Apologize to your guest but I wouldn't talk to her.Those are her feeling and it's hard to help her with the language barrier.

Maybe one day you can explain her why America or Americans are the way they are.I'm still wondering why wasting paper and water for example are ok here in America.


+1
Anonymous
Anonymous wrote:Honestly, by the way you are relating to her, OP, I would not be surprised if she isn't comfortable around you. Have some compassion for immigrants and cultural differences.


Agree
Anonymous
Some people think the only way to sound smart or interesting is to be critical.

My SIL is ethnically/racially the same as the rest of us, but not born in the US. She does the same thing constantly, in conversations, on FB, etc. I don't like it. I don't know why she'd pick a life that brings her here.
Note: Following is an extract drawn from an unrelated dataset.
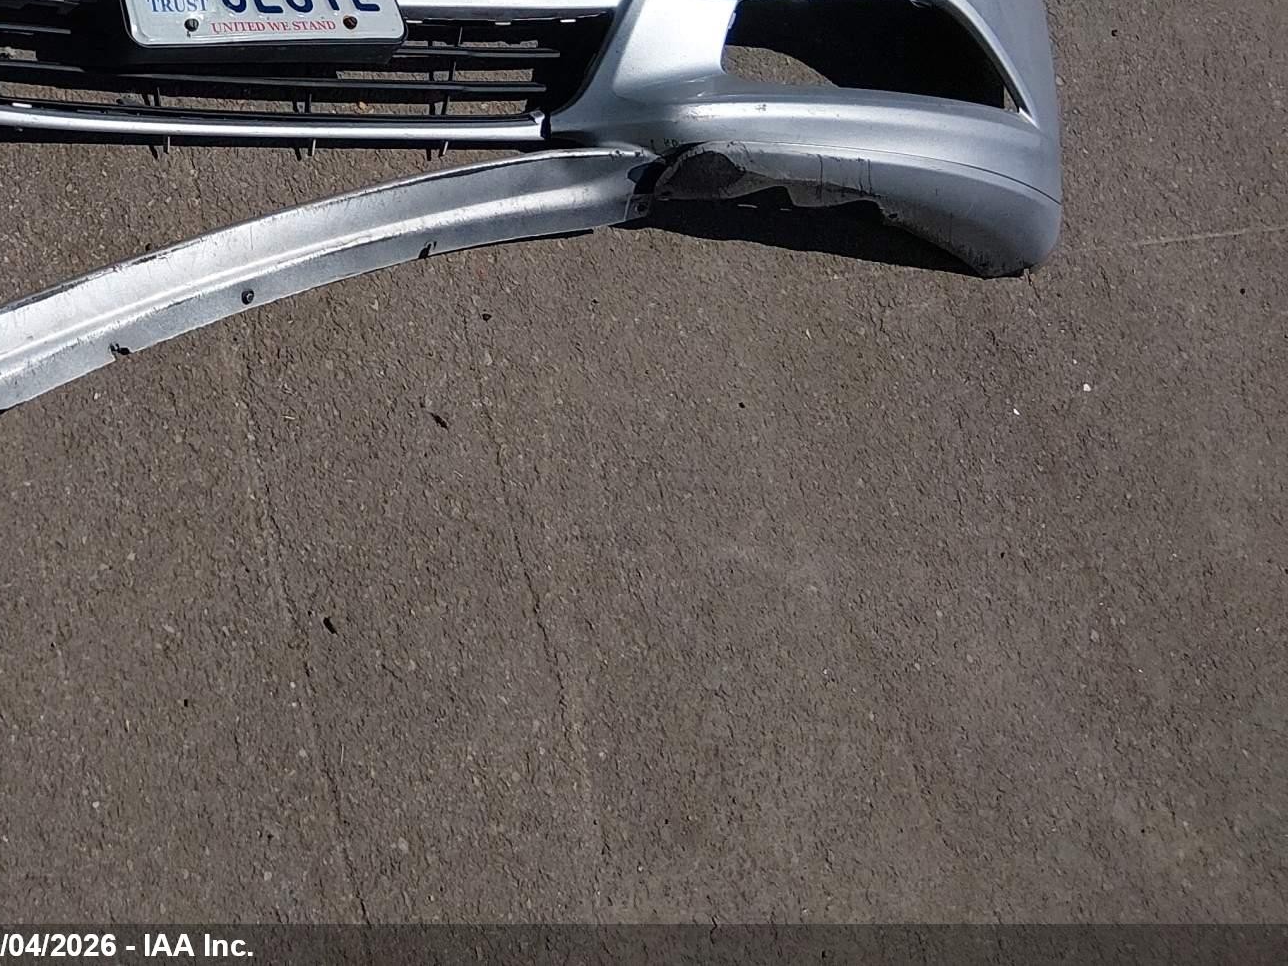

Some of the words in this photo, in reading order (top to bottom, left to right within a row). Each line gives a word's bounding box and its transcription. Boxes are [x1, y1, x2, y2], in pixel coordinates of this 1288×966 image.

[212, 21, 268, 34] UNITED
[269, 21, 293, 32] WE
[294, 20, 336, 31] STAND
But I've chosen to ignore it because I think it is borne out of immaturity, ignorance, and insecurities.

My only concern is that my brother kind of tries to be cooler by doing the same. I worry he is deep down becoming ashamed of his American roots.
Anonymous
If your SIL is that unhappy, divorce is unevitable.
Anonymous
Well firstly America is not perfect and she is well within her rights to comment to that effect.

Increasingly America is looking like a second rate country as the rest of the world develops. You should spend some time in China and admire their brand new infrastructure and compare it to what you have at home.

Also having been an expat for a long time, I suggest you look at how Americans behave abroad. They are very fearful and critical of their host country and try to live in an American bubble. They do not assimilate well.

Anonymous
Anonymous wrote:DC attends Russian Sunday school. You can't imagine the # of parents there who are constantly criticizing pretty much all aspects of American lifestyle. Education system is the worse. Yet when some of these children flunk a subject or two at the "dumb American school", they usually get a bit quieter.

OP, I am sorry you had to find out the hard way what your SIL really thinks about this country. It's most displeasing when people talk behind your back in your own house. I also find it rather strange that the child barely speaks English considering her father is American and it's an ideal way to raise a truly bilingual child. My DH is French-Canadian and only speaks French to DC. I speak Russian to her. She gets English at school. As a result, she's very comfortable whenever she visits her grandparents in Montreal or my parents in Moscow. [/quote

We get it, you are a different kind of Russian, a unique one. The rest of them are trash-talking idiots,who will never understand the beauty of their new country. Do you feel more integrated/American by bashing your former countrymen?
Anonymous
Anonymous wrote:Well firstly America is not perfect and she is well within her rights to comment to that effect.

Increasingly America is looking like a second rate country as the rest of the world develops. You should spend some time in China and admire their brand new infrastructure and compare it to what you have at home.

Also having been an expat for a long time, I suggest you look at how Americans behave abroad. They are very fearful and critical of their host country and try to live in an American bubble. They do not assimilate well.



No, they're not uniformly "very fearful and critical of their host country," etc. I've never been that; this doesn't describe many of the people I know who've traveled abroad. It's fair to say that some Americans, like some non-Americans, don't assimilate well.
Anonymous
My SIL is sort of similar. It's annoying, but I try to have sympathy for her. What you have to understand is that it is extremely hard to leave your home country and come to a new one. I don't know where she's from, but the US can also be a very harsh place to raise kids compared to other countries. She also doesn't have access to all the family support and resources she'd have at home. It would probably be better for her to adjust instead of just being bitter and withdrawn, but you should have sympathy.
Anonymous
Thank God you have your spy network to route out anti-American activity, OP.

I would start by tapping her phones. A little more evidence and you can book her a one-way ticket to Gitmo!